Betabot is a piece of malware that evolved from being a banking Trojan to a password stealer, and then a botnet capable of distributing ransomware and other malicious programs. Although readily available for purchase on underground markets at around $120, a cracked version of the malware was also observed in early 2017.

The recently spotted attacks start with a Word document attempting to exploit CVE-2017–11882, a vulnerability introduced in November 2000 in the Microsoft Equation Editor (EQNEDT32.EXE) component. Discovered only last year, the security bug was manually patched by Microsoft in late 2017.

As part of this attack, the actor embedded an OLE object into a specially crafted RTF file to execute commands on the victim system. The embedded objects (inteldriverupd1.sct, task.bat, decoy.doc, exe.exe, and 2nd.bat) pose as legitimate software to gain the intended victim’s trust.

The inteldriverupd1.sct file leverages Windows Script Component and creates a new object, which next runs the task.bat script to check for a block.txt file in the temp directory, create the file if it doesn’t exist, and start 2nd.bat before deleting itself.

The 2nd.bat script starts the main exe file and kills the Word process, then deletes the Resiliency directory from registry to hide its tracks and prevent recovery of the document.
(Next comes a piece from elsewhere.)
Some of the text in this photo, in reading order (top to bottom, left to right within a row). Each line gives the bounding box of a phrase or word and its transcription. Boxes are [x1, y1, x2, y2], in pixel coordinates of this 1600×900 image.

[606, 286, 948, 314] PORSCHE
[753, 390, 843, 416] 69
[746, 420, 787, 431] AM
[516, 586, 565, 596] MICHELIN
The script also deletes other tracks of presence. Decoy.doc is displayed to the user after infection.

At the time of execution, the threat was observed connecting to hxxp://goog[.]com/newbuild/t.php?stats=send&thread=0, security researcher Wojciech reveals.
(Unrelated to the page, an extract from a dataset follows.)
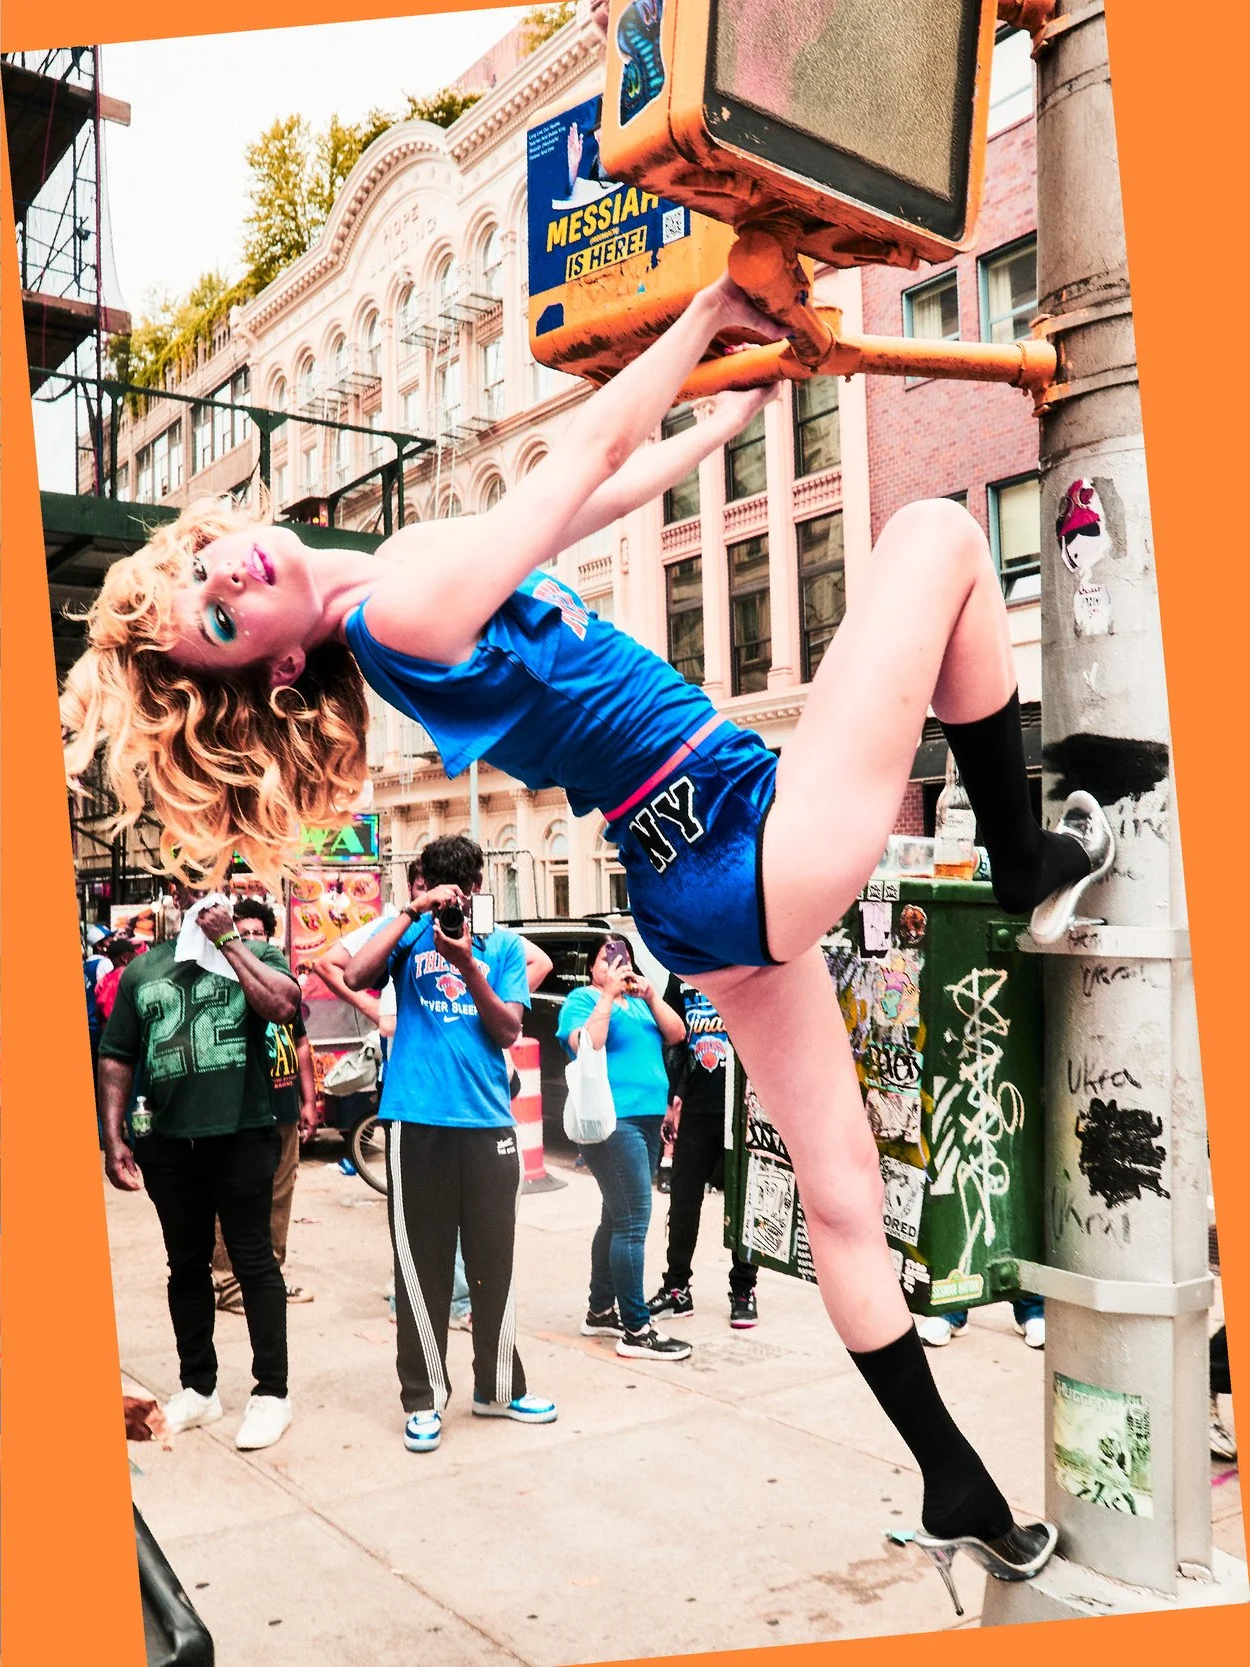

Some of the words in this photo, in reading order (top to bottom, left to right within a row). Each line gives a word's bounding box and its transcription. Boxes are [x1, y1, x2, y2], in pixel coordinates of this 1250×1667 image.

Written in C#, the exe.exe file shows multiple layers of obfuscation, the first being the DeepSea algorithm, followed by simple XOR and Modulo operations. Deobfuscation reveals a new file with many embedded images in its resources. These are used in the next stage.

Next, the researcher found a .Net file featuring encrypted strings. This layer is meant to decrypt another file and store it in dictionary with other information related to malware configuration. For that, it retrieves said images from resources, changes them into memory stream, decrypts them, and adds them to dictionary.

During execution, the threat also checks for the configuration from dictionary and calls the appropriate function. These functions allow it to, among others, check if it runs in a virtual environment and copy itself to the start menu.

At the last stage of the attack, a new variant of Betabot is deployed. The sample contains some anti-debugging and anti-virtualization tricks, then initiates communication with a domain, likely for tracking purposes. The researcher also noticed some redirections using said tracking values, likely meant to earn some additional money from an affiliate program.

The malware also communicates with a command and control (C&C) server at onedriveservice[.]com, which is clearly not a genuine Microsoft domain.